The emergence of drug-resistant infectious pathogens continues to escalate, in spite of increased knowledge of resistance mechanisms. In the past, infections due to resistant organisms were encountered primarily in the hospital's intensive care units, the site where antibiotic use is abundant and anatomic and immune barrier breaches occur. Nowadays, infections due to antibiotic-resistant organisms are commonplace. Reports of outbreaks of bacterial strains that are intrinsically drug-resistant, and the emergence of resistant mutants following antibiotic exposure has led to renewed interest in the discovery of new classes of drugs using molecular biology and combinatorial chemistry technologies. New classes of synthetic antimicrobials will likely be discovered to which no pre-existing resistance mechanisms exist. However, until these drugs become available it is clear that prudent use of currently available antibiotics, through the identification of the principles of drug dosing that prevent or delay the emergence of resistance, is our only recourse to prolong the efficacy of current agents. We hypothesized that: (a) the successful microbiological eradication, and (b) minimization of the selection of quinolone-resistant mutants could be achieved by the optimization of the treatment regimen.
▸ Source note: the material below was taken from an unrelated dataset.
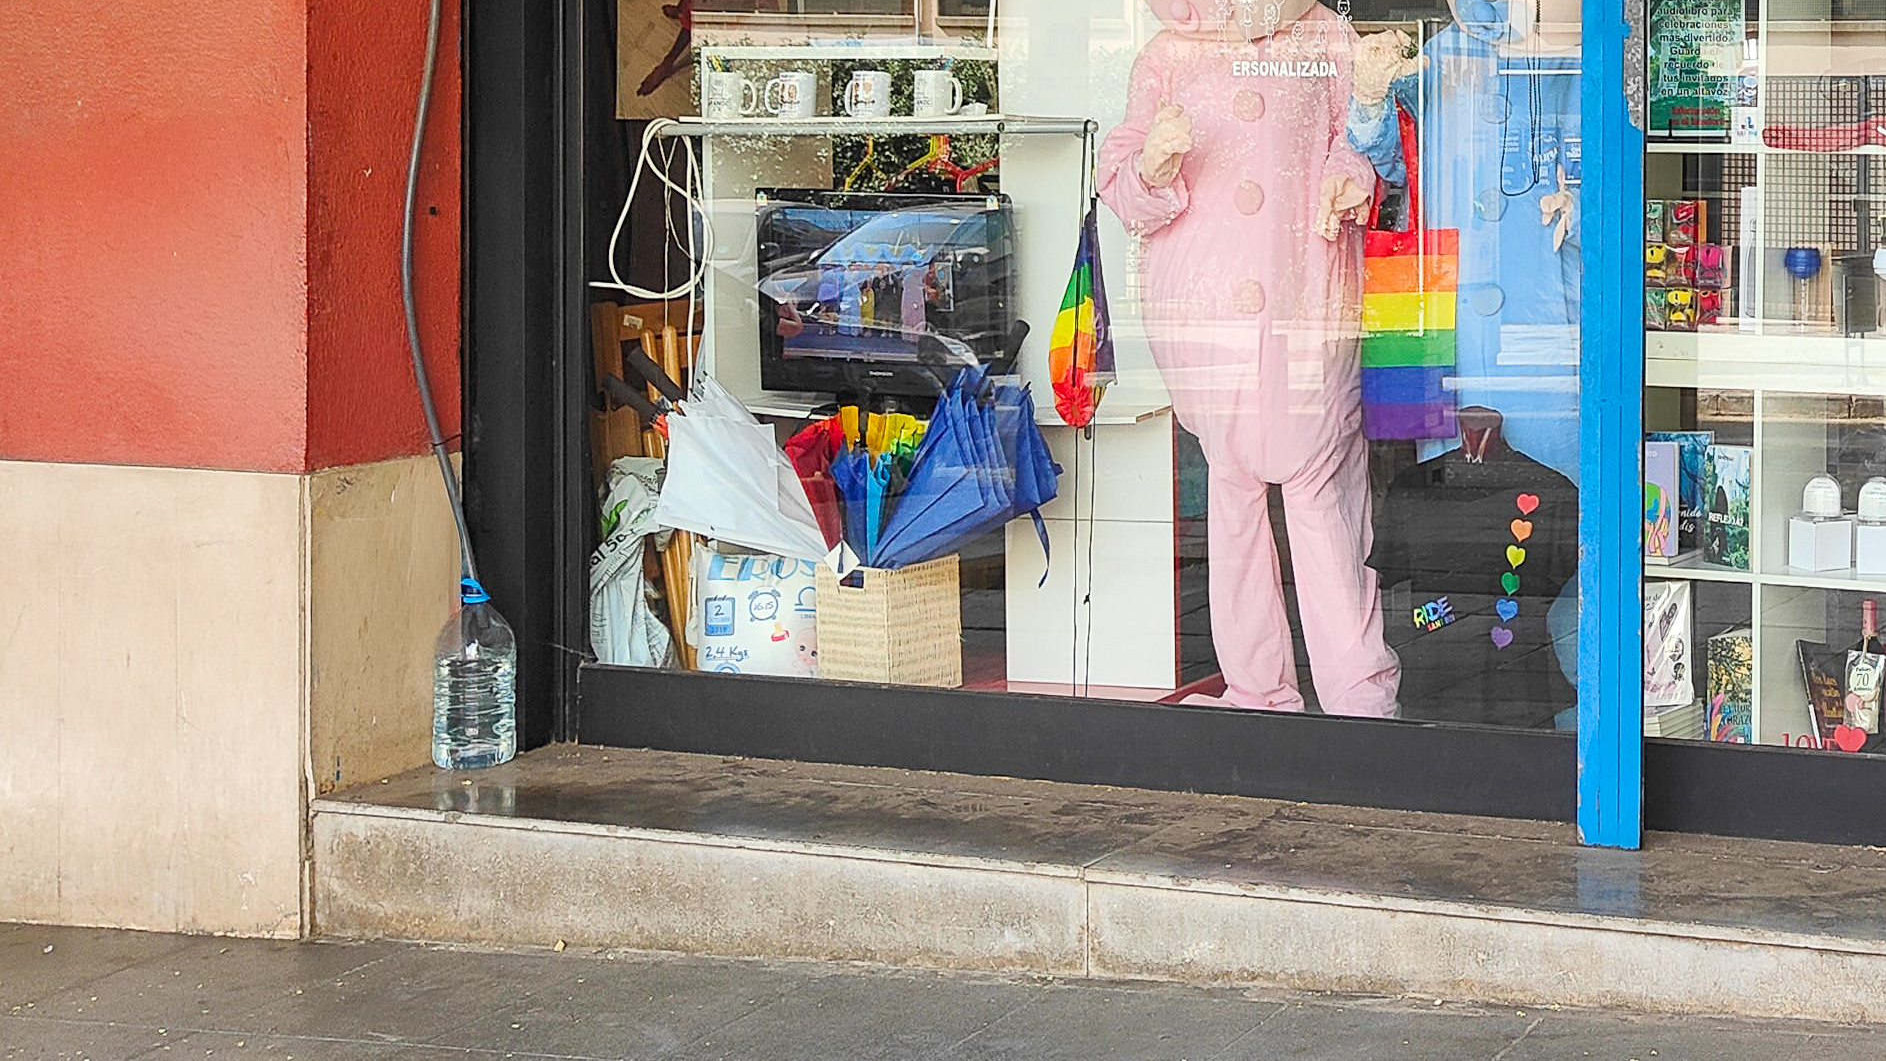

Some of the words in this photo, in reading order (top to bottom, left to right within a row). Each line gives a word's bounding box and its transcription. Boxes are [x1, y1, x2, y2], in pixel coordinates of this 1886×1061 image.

We developed a pharmacodynamic model that enables the evaluation of relationships between antimicrobial drug-exposure to therapeutic outcome. Our model relates antimicrobial serum concentration-vs.-time parameters to the probability of efficiently eradicating the infecting pathogen or the risk of emergence of drug-resistant mutants. Results show that emergence of quinolone-resistance in S. pneumoniae and P. aeruginosa can be predicted. More importantly, quinolone dose/dosing regimens that suppress emergence of resistance in these pathogens could be identified. Data from animal pharmacodynamic studies and clinical trial pharmacokinetics results were used to demonstrate how this model could be used to support clinic decision-making. The experimental and analytical methods developed provide insight on how rational dose and dosing regimen design should be determined in order to prolong the usefulness of currently available drugs. The proposed model can be applied to any agent for selection of the dose-scheduling regimen and the duration of therapy that maximizes therapeutic response, minimizes emergence of resistance, and prevents toxicity.